-------- RECORDS SUPPLIED --------

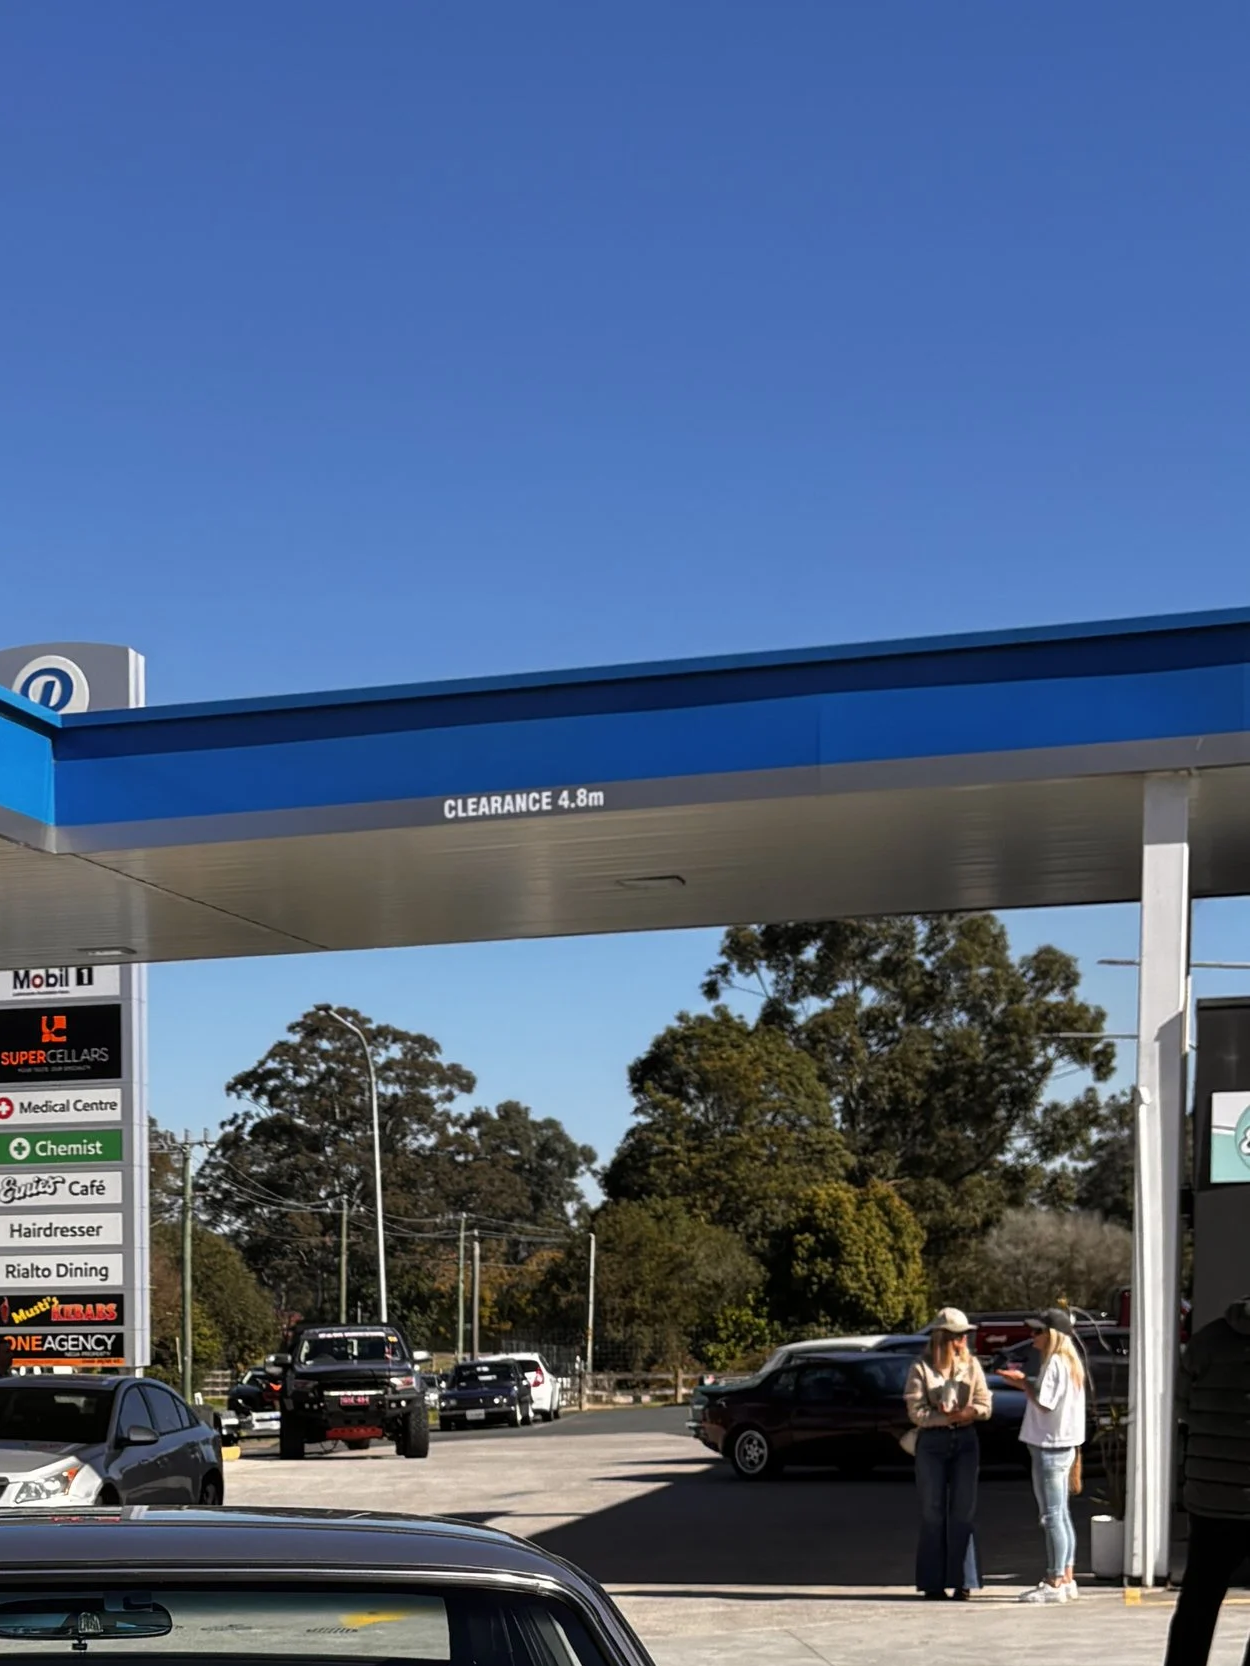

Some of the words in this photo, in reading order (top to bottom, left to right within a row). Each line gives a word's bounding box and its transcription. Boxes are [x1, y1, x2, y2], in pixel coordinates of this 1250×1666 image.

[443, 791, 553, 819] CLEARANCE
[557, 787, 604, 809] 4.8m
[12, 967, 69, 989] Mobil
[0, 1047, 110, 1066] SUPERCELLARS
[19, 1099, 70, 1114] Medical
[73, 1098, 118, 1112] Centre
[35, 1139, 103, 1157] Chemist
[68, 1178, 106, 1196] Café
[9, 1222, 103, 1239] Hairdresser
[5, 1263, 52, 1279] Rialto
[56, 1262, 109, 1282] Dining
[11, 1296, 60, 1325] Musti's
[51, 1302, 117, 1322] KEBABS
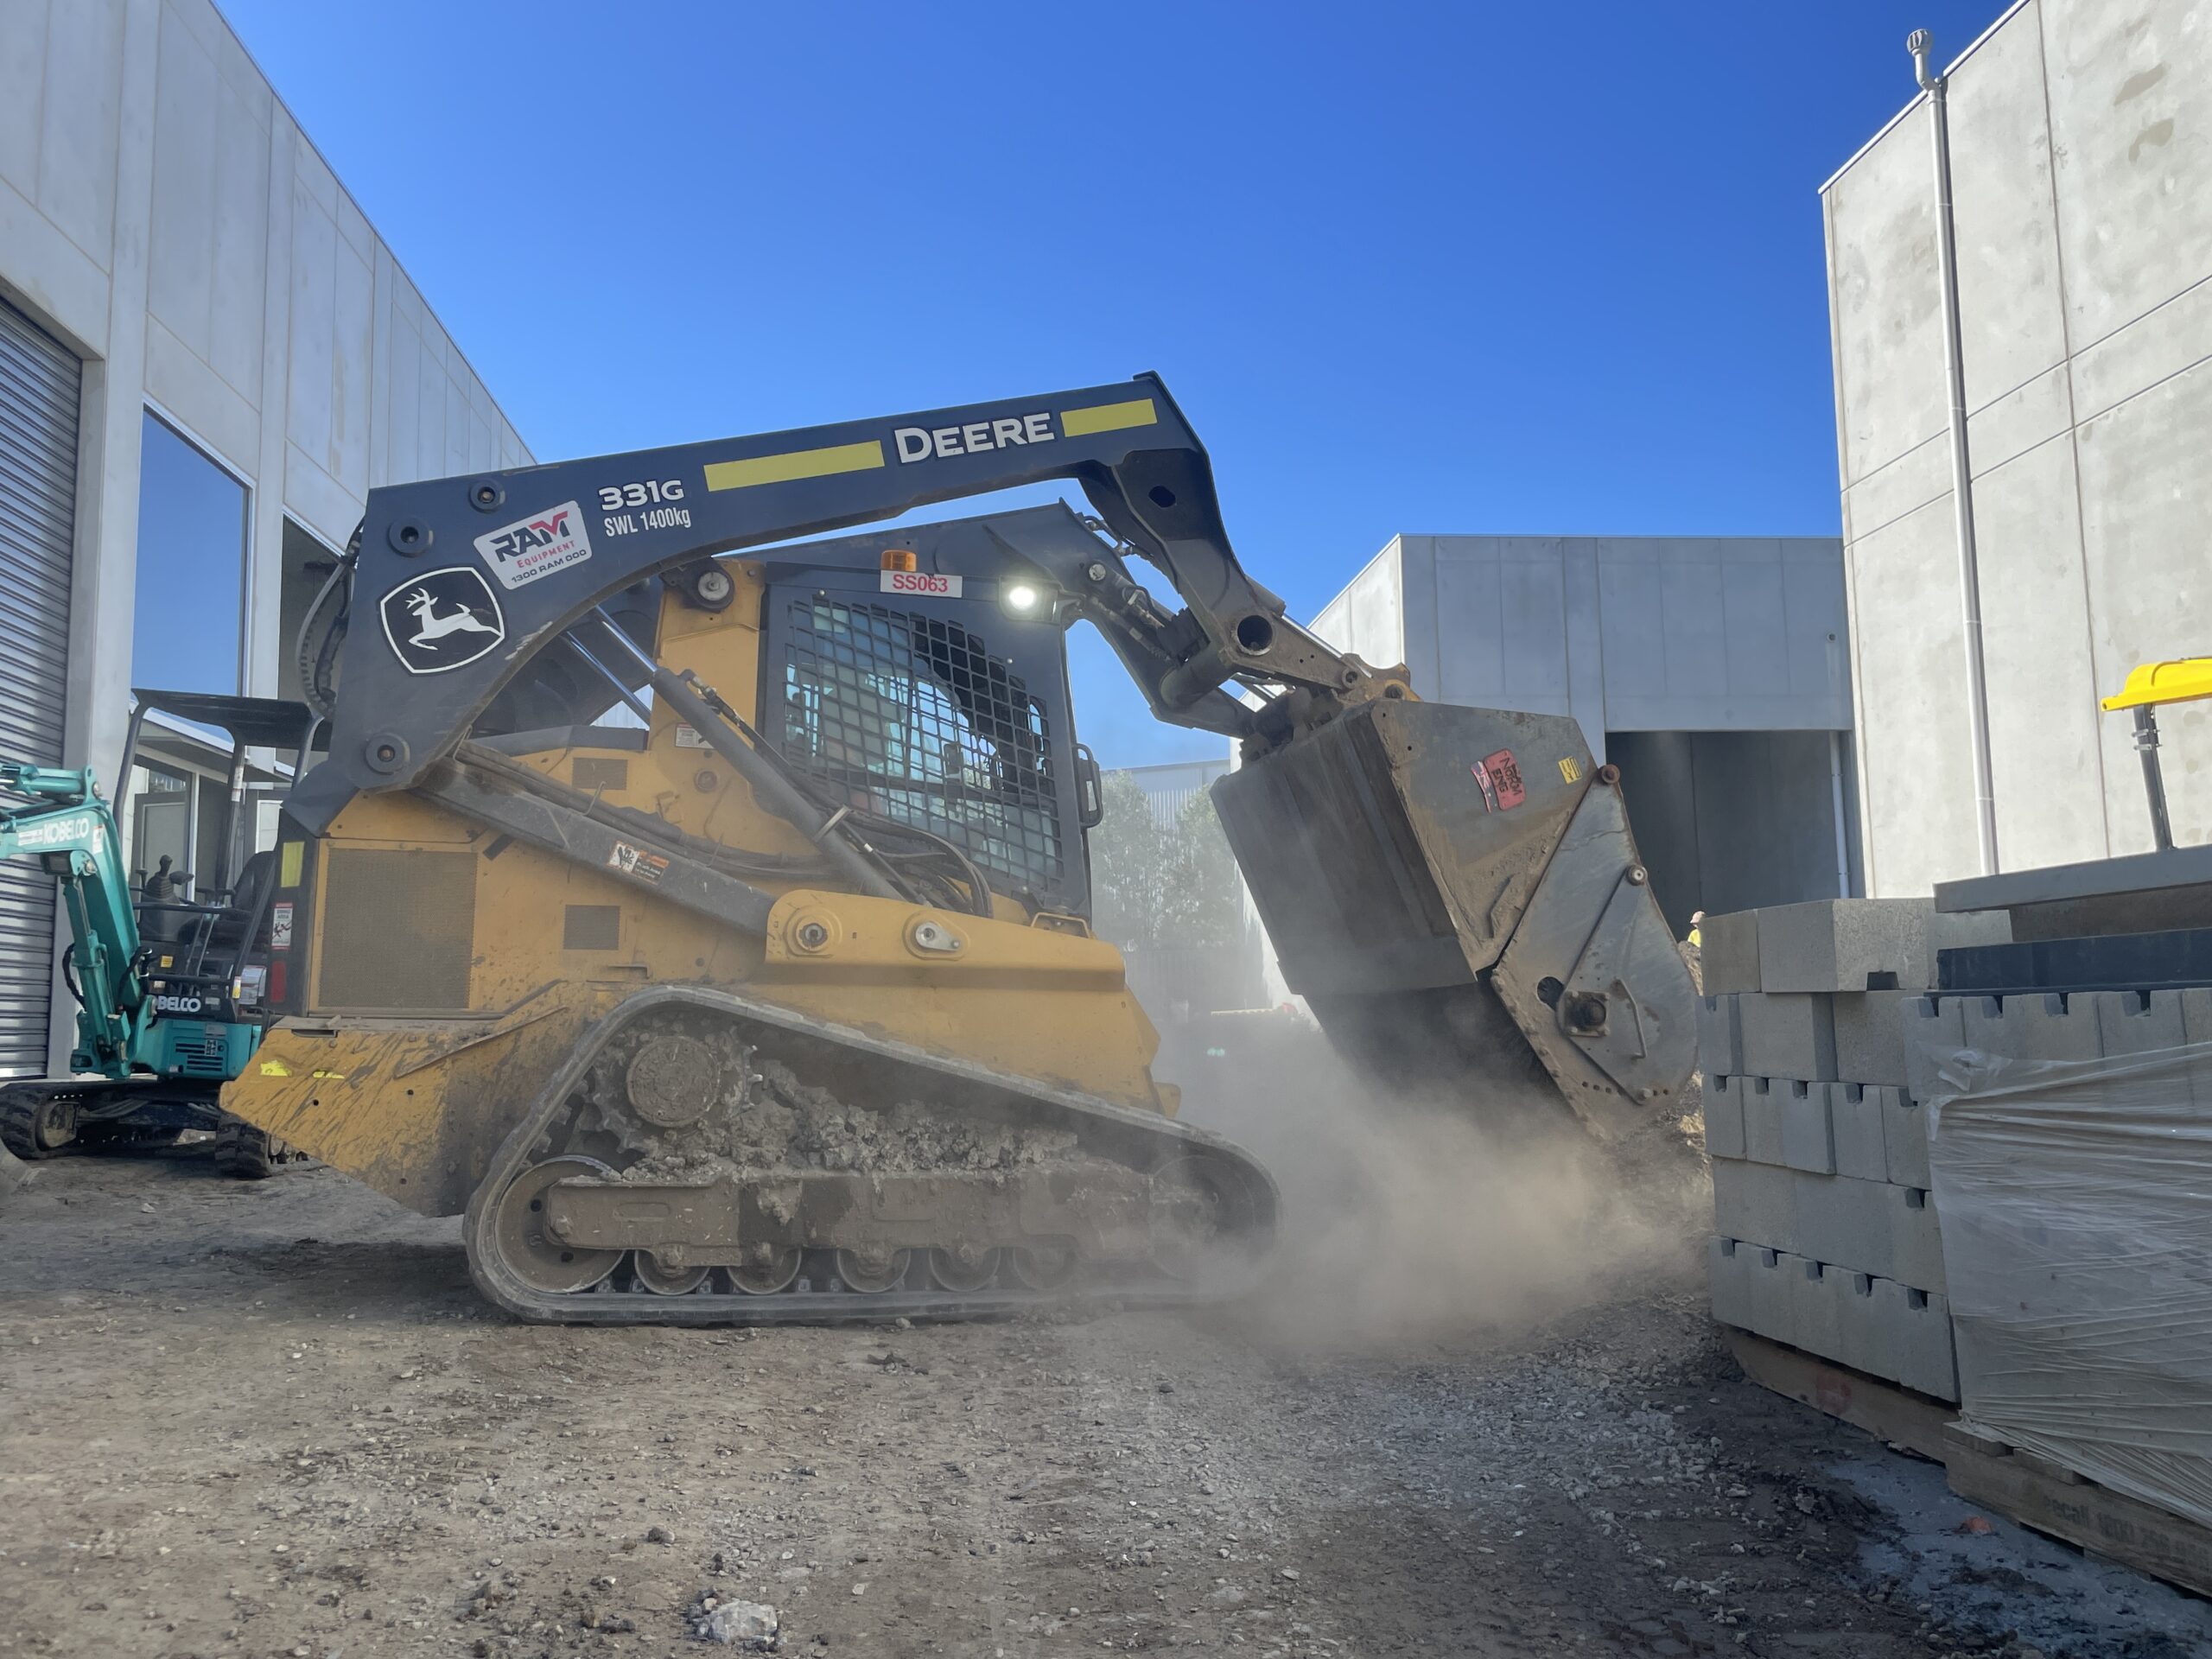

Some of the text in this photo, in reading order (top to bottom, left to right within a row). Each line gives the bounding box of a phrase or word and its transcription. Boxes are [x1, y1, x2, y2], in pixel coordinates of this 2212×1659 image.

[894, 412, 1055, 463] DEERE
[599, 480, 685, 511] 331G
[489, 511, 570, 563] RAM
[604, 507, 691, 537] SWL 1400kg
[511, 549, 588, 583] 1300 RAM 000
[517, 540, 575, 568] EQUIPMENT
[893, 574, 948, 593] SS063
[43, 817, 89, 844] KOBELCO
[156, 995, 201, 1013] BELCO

--------

_INSTRUCTIONS FOR THE TASK_
What is needed here is an exact copy of every record, with the pictures left out.

_SOLUTION_
Some of the words in this photo, in reading order (top to bottom, left to right within a row). Each line gives a word's bounding box and its transcription. Boxes are [x1, y1, x2, y2], in pixel coordinates of this 1250×1666 image.

[443, 791, 553, 819] CLEARANCE
[557, 787, 604, 809] 4.8m
[12, 967, 69, 989] Mobil
[0, 1047, 110, 1066] SUPERCELLARS
[19, 1099, 70, 1114] Medical
[73, 1098, 118, 1112] Centre
[35, 1139, 103, 1157] Chemist
[68, 1178, 106, 1196] Café
[9, 1222, 103, 1239] Hairdresser
[5, 1263, 52, 1279] Rialto
[56, 1262, 109, 1282] Dining
[11, 1296, 60, 1325] Musti's
[51, 1302, 117, 1322] KEBABS

Some of the text in this photo, in reading order (top to bottom, left to right within a row). Each line gives the bounding box of a phrase or word and its transcription. Boxes are [x1, y1, x2, y2], in pixel coordinates of this 2212×1659 image.

[894, 412, 1055, 463] DEERE
[599, 480, 685, 511] 331G
[489, 511, 570, 563] RAM
[604, 507, 691, 537] SWL 1400kg
[511, 549, 588, 583] 1300 RAM 000
[517, 540, 575, 568] EQUIPMENT
[893, 574, 948, 593] SS063
[43, 817, 89, 844] KOBELCO
[156, 995, 201, 1013] BELCO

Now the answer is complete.